(Entries shown):

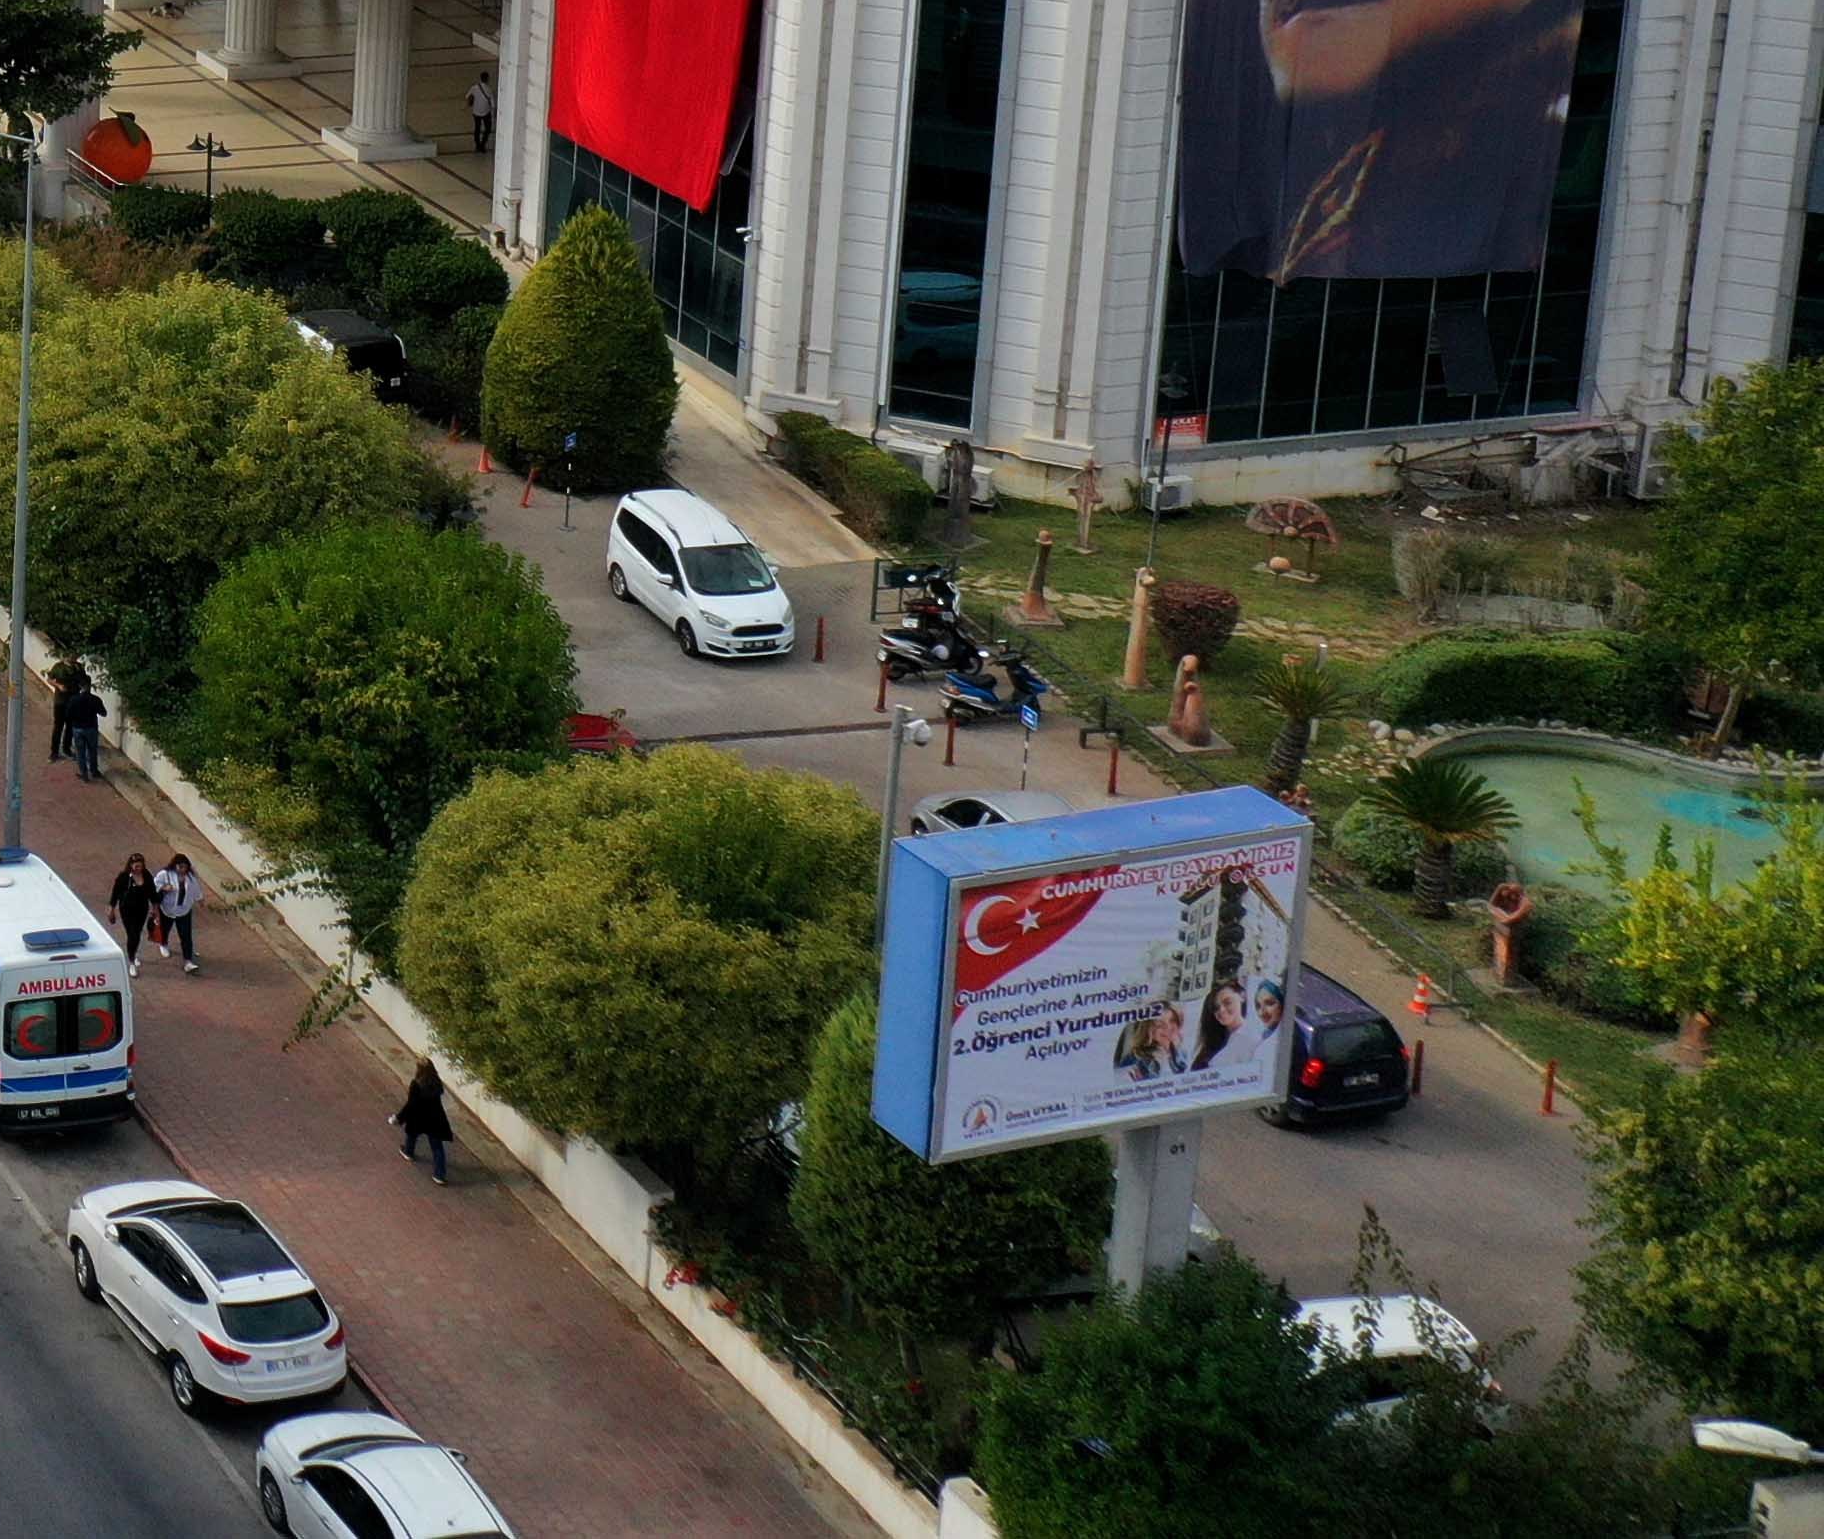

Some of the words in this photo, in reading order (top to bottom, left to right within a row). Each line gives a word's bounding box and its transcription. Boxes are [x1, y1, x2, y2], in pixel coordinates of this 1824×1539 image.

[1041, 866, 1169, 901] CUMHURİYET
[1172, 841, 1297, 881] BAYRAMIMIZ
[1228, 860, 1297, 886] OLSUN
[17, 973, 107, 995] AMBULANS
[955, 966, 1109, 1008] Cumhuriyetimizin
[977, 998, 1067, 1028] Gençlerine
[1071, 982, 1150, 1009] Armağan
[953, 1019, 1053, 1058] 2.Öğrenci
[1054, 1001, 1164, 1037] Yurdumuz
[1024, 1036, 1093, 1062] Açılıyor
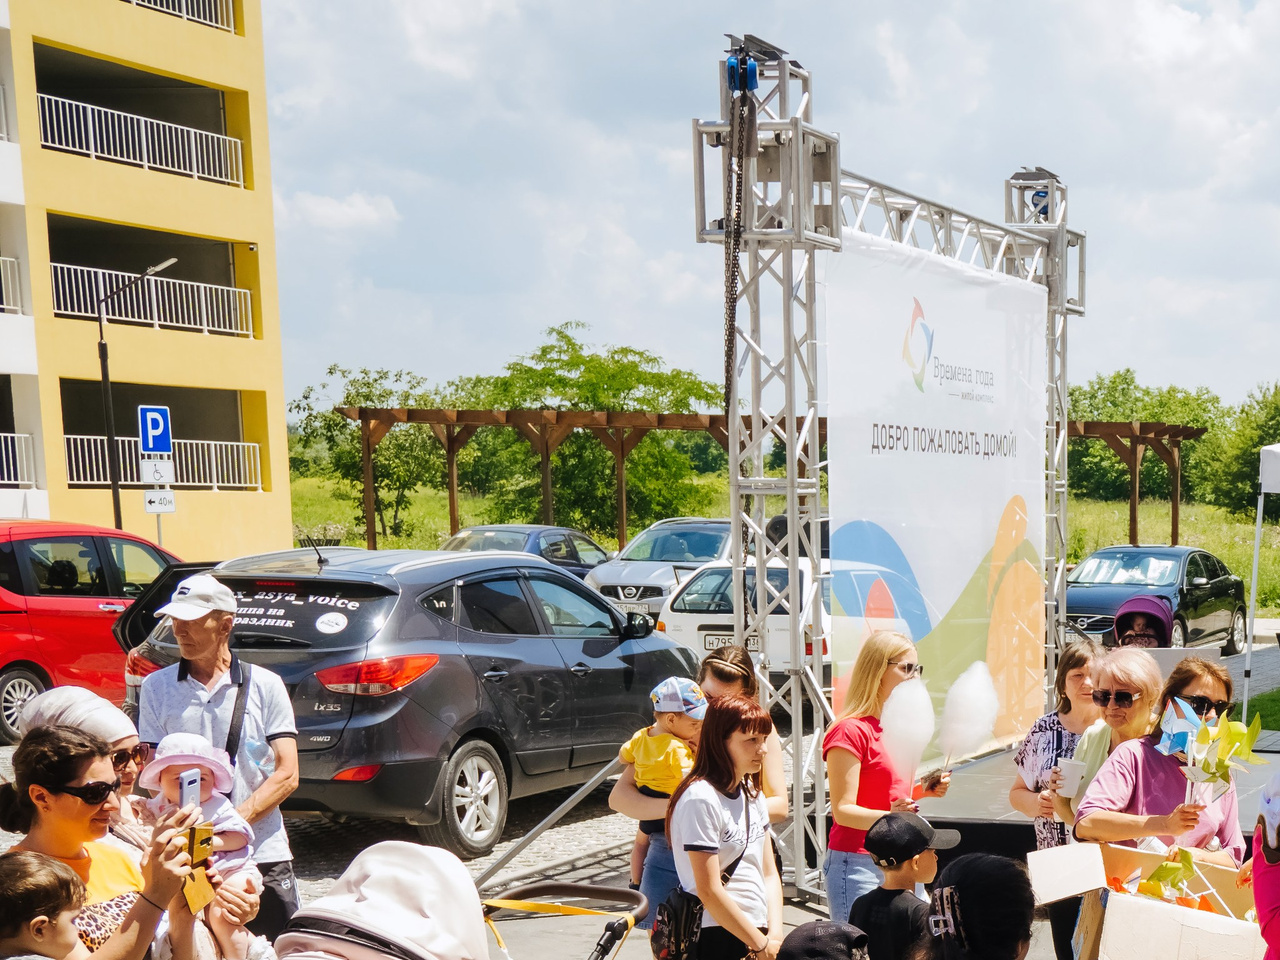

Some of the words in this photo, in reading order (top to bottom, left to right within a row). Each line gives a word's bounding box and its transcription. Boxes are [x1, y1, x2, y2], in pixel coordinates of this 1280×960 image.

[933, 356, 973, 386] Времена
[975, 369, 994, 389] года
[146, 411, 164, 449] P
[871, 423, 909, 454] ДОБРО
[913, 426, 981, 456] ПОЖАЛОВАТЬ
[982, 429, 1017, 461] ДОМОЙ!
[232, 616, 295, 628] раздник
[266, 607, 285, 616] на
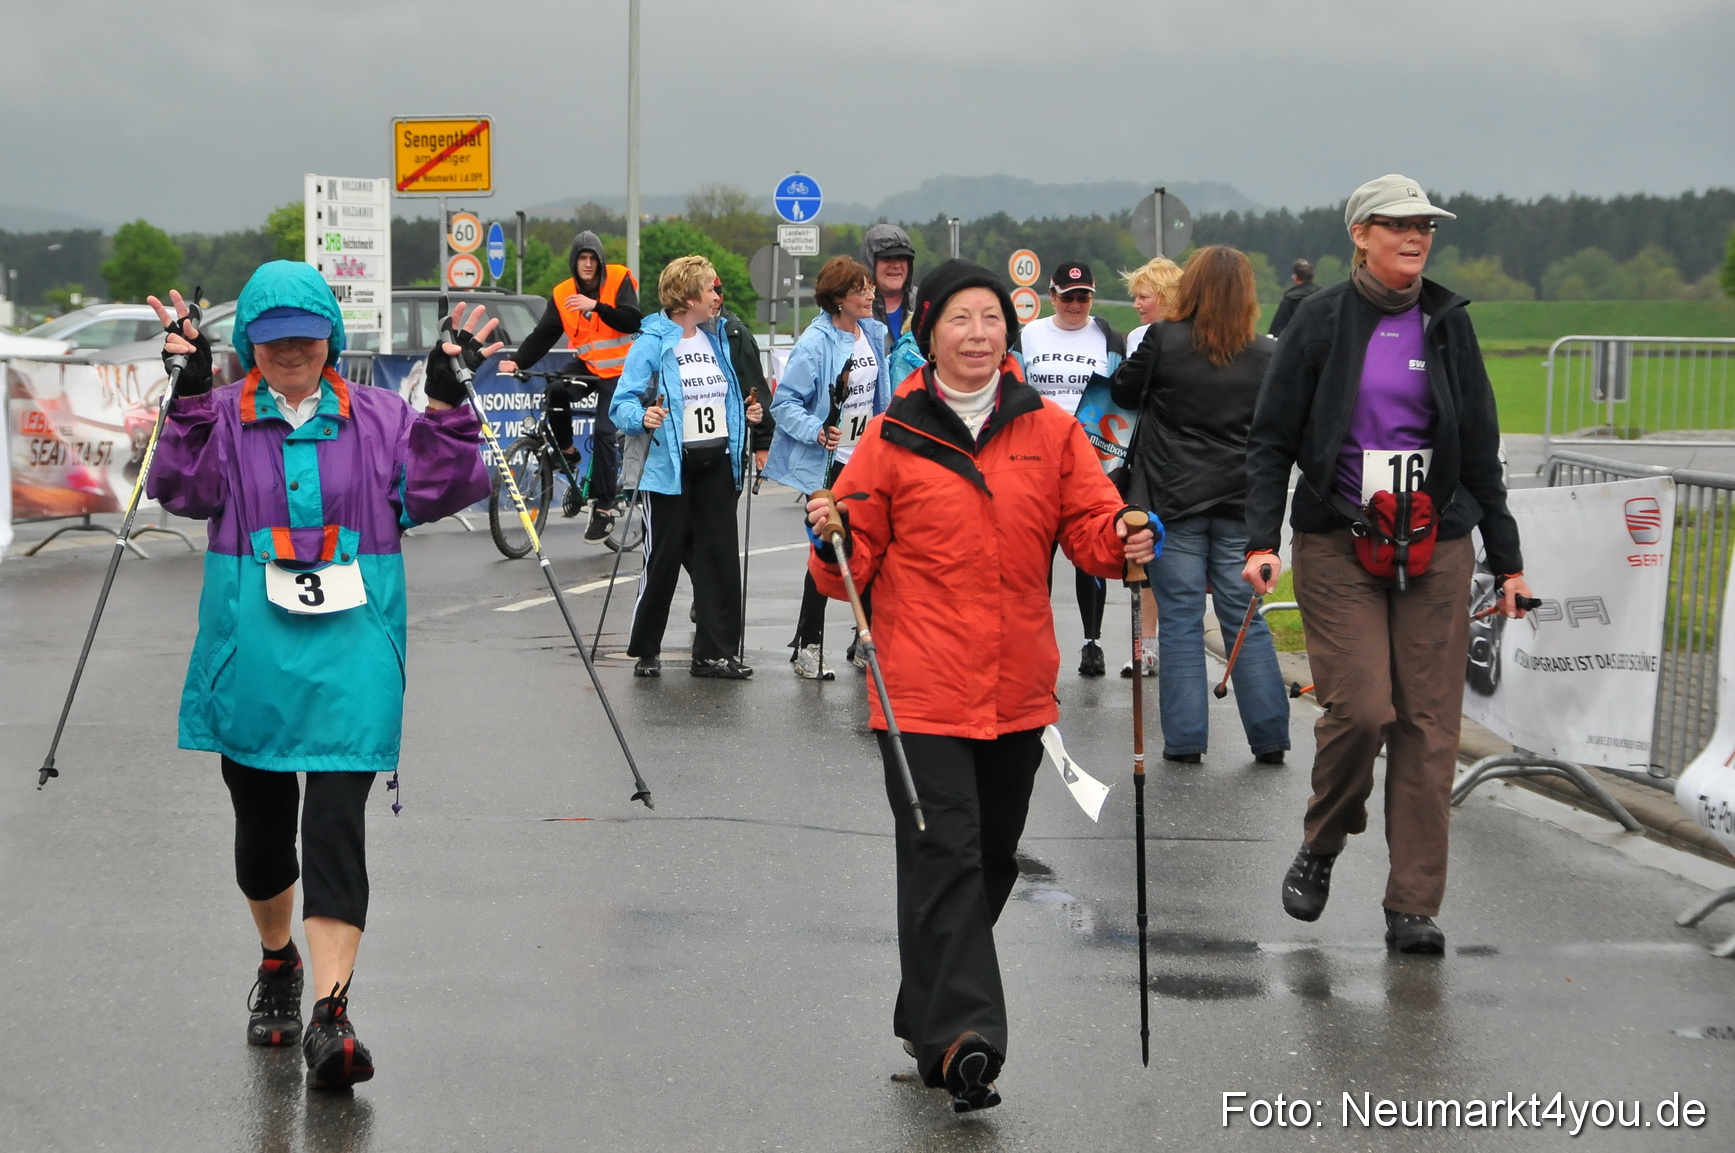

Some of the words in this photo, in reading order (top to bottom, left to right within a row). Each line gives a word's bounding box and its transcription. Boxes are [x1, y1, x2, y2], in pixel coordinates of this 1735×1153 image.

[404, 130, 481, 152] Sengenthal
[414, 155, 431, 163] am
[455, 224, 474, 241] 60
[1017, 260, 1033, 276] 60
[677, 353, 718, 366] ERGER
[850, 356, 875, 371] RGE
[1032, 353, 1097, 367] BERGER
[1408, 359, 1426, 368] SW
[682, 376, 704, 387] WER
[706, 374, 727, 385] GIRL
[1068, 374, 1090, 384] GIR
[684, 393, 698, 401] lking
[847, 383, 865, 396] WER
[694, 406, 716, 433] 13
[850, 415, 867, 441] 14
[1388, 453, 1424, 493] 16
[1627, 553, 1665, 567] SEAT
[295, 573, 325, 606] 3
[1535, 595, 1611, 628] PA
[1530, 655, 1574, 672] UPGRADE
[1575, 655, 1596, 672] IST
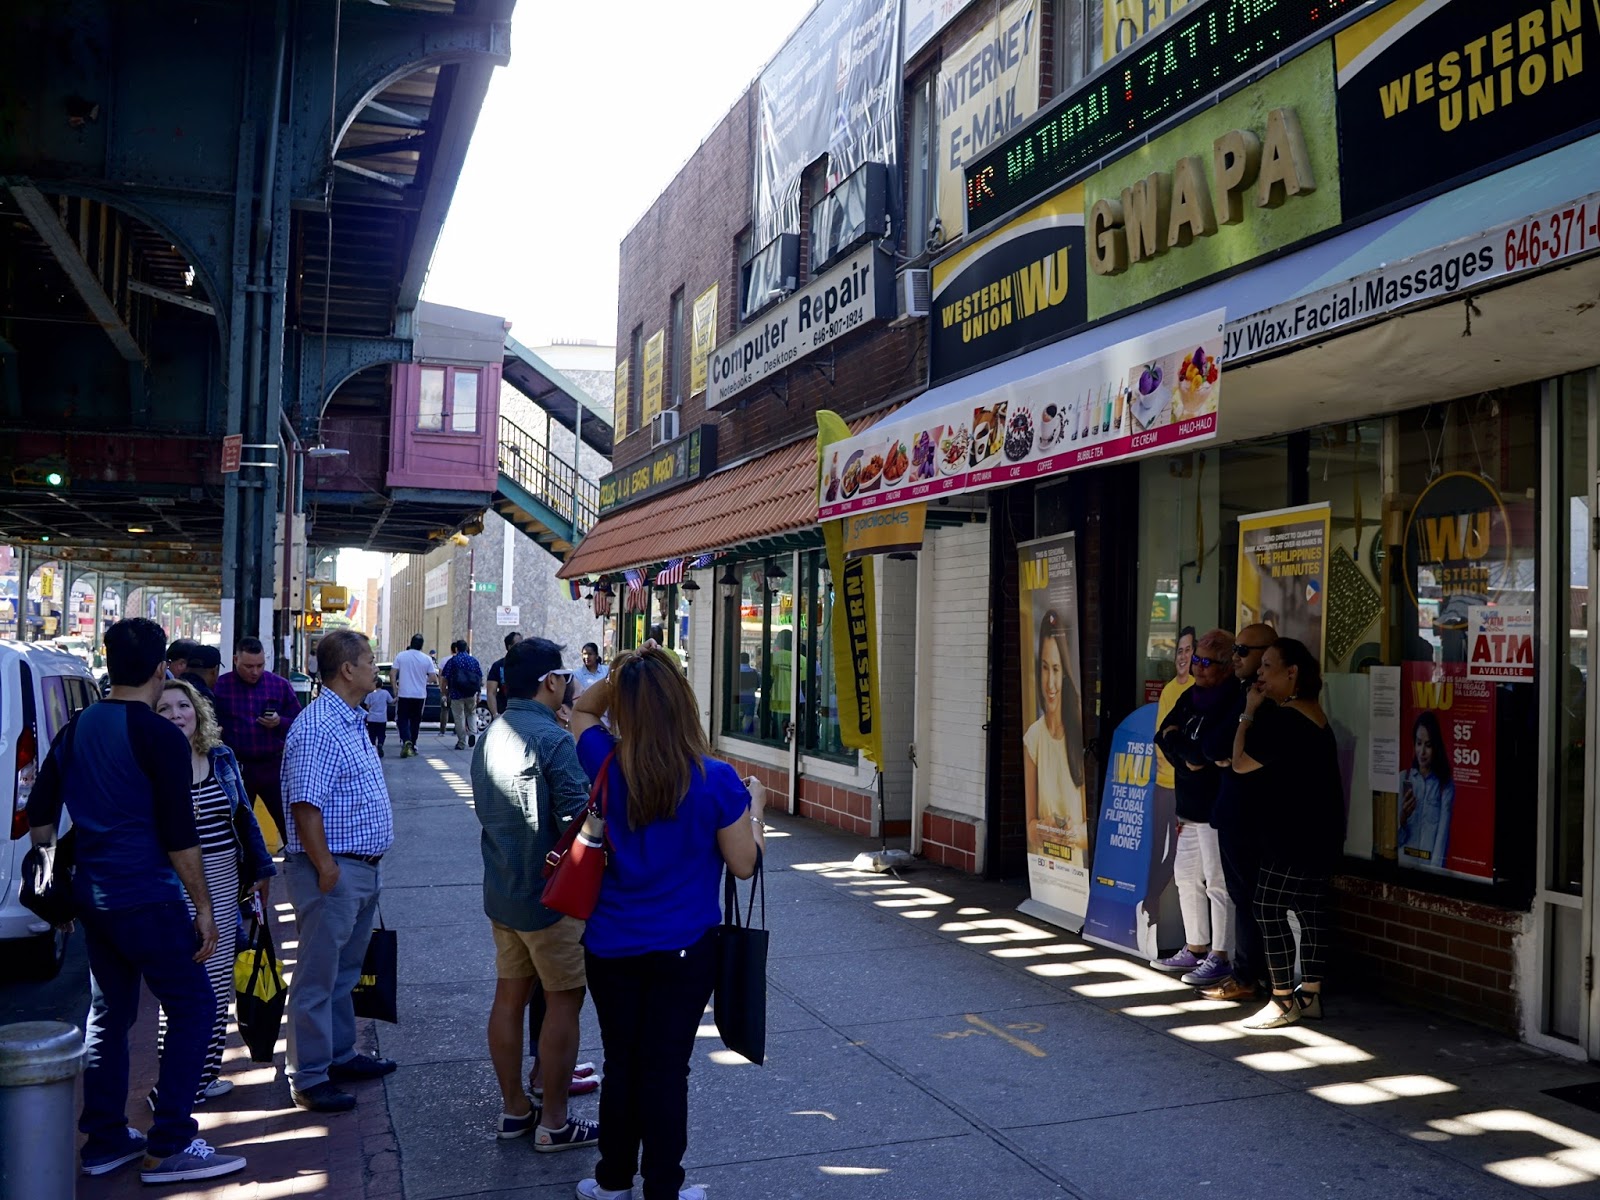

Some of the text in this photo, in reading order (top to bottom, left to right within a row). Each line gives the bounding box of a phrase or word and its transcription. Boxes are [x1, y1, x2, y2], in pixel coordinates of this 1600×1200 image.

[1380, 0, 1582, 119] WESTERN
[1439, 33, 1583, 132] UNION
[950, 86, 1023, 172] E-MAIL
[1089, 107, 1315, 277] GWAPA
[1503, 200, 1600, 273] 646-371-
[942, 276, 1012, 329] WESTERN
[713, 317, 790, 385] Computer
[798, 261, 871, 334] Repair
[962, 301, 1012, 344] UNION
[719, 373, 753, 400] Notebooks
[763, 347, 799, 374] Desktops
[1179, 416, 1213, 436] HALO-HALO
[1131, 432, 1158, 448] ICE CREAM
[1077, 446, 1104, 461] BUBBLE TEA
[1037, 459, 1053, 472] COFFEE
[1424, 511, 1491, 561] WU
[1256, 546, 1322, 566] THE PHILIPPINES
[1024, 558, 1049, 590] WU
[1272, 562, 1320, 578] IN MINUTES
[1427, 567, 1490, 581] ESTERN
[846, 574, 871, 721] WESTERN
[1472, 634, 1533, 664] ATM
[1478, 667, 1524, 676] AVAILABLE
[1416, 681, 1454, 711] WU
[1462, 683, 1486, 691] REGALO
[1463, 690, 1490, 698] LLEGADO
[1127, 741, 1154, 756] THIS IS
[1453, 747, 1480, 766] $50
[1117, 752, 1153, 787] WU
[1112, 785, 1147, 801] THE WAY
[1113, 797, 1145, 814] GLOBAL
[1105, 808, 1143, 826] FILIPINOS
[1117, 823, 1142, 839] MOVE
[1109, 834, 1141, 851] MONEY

(What you have to do):
The records need to be restated word for word, minus any images.

(Finished task):
Some of the words in this photo, in reading order (top to bottom, left to right within a row). Each line gives a word's bounding box and its transcription. Boxes are [x1, y1, x2, y2], in pixel coordinates of this 1824×1539 image.

[1041, 866, 1169, 901] CUMHURİYET
[1172, 841, 1297, 881] BAYRAMIMIZ
[1228, 860, 1297, 886] OLSUN
[17, 973, 107, 995] AMBULANS
[955, 966, 1109, 1008] Cumhuriyetimizin
[977, 998, 1067, 1028] Gençlerine
[1071, 982, 1150, 1009] Armağan
[953, 1019, 1053, 1058] 2.Öğrenci
[1054, 1001, 1164, 1037] Yurdumuz
[1024, 1036, 1093, 1062] Açılıyor

Some of the words in this photo, in reading order (top to bottom, left to right within a row). Each line gives a word's bounding box and its transcription. Boxes are [x1, y1, x2, y2], in pixel coordinates of this 1280×960 image.

[933, 356, 973, 386] Времена
[975, 369, 994, 389] года
[146, 411, 164, 449] P
[871, 423, 909, 454] ДОБРО
[913, 426, 981, 456] ПОЖАЛОВАТЬ
[982, 429, 1017, 461] ДОМОЙ!
[232, 616, 295, 628] раздник
[266, 607, 285, 616] на

Some of the words in this photo, in reading order (top to bottom, left to right within a row). Each line gives a word's bounding box and its transcription. Boxes are [x1, y1, x2, y2], in pixel coordinates of this 1735×1153 image.

[404, 130, 481, 152] Sengenthal
[414, 155, 431, 163] am
[455, 224, 474, 241] 60
[1017, 260, 1033, 276] 60
[677, 353, 718, 366] ERGER
[850, 356, 875, 371] RGE
[1032, 353, 1097, 367] BERGER
[1408, 359, 1426, 368] SW
[682, 376, 704, 387] WER
[706, 374, 727, 385] GIRL
[1068, 374, 1090, 384] GIR
[684, 393, 698, 401] lking
[847, 383, 865, 396] WER
[694, 406, 716, 433] 13
[850, 415, 867, 441] 14
[1388, 453, 1424, 493] 16
[1627, 553, 1665, 567] SEAT
[295, 573, 325, 606] 3
[1535, 595, 1611, 628] PA
[1530, 655, 1574, 672] UPGRADE
[1575, 655, 1596, 672] IST

Some of the text in this photo, in reading order (top to bottom, left to right within a row). Each line gives the bounding box of a phrase or word and its transcription. Boxes are [x1, y1, x2, y2], in pixel coordinates of this 1600×1200 image.

[1380, 0, 1582, 119] WESTERN
[1439, 33, 1583, 132] UNION
[950, 86, 1023, 172] E-MAIL
[1089, 107, 1315, 277] GWAPA
[1503, 200, 1600, 273] 646-371-
[942, 276, 1012, 329] WESTERN
[713, 317, 790, 385] Computer
[798, 261, 871, 334] Repair
[962, 301, 1012, 344] UNION
[719, 373, 753, 400] Notebooks
[763, 347, 799, 374] Desktops
[1179, 416, 1213, 436] HALO-HALO
[1131, 432, 1158, 448] ICE CREAM
[1077, 446, 1104, 461] BUBBLE TEA
[1037, 459, 1053, 472] COFFEE
[1424, 511, 1491, 561] WU
[1256, 546, 1322, 566] THE PHILIPPINES
[1024, 558, 1049, 590] WU
[1272, 562, 1320, 578] IN MINUTES
[1427, 567, 1490, 581] ESTERN
[846, 574, 871, 721] WESTERN
[1472, 634, 1533, 664] ATM
[1478, 667, 1524, 676] AVAILABLE
[1416, 681, 1454, 711] WU
[1462, 683, 1486, 691] REGALO
[1463, 690, 1490, 698] LLEGADO
[1127, 741, 1154, 756] THIS IS
[1453, 747, 1480, 766] $50
[1117, 752, 1153, 787] WU
[1112, 785, 1147, 801] THE WAY
[1113, 797, 1145, 814] GLOBAL
[1105, 808, 1143, 826] FILIPINOS
[1117, 823, 1142, 839] MOVE
[1109, 834, 1141, 851] MONEY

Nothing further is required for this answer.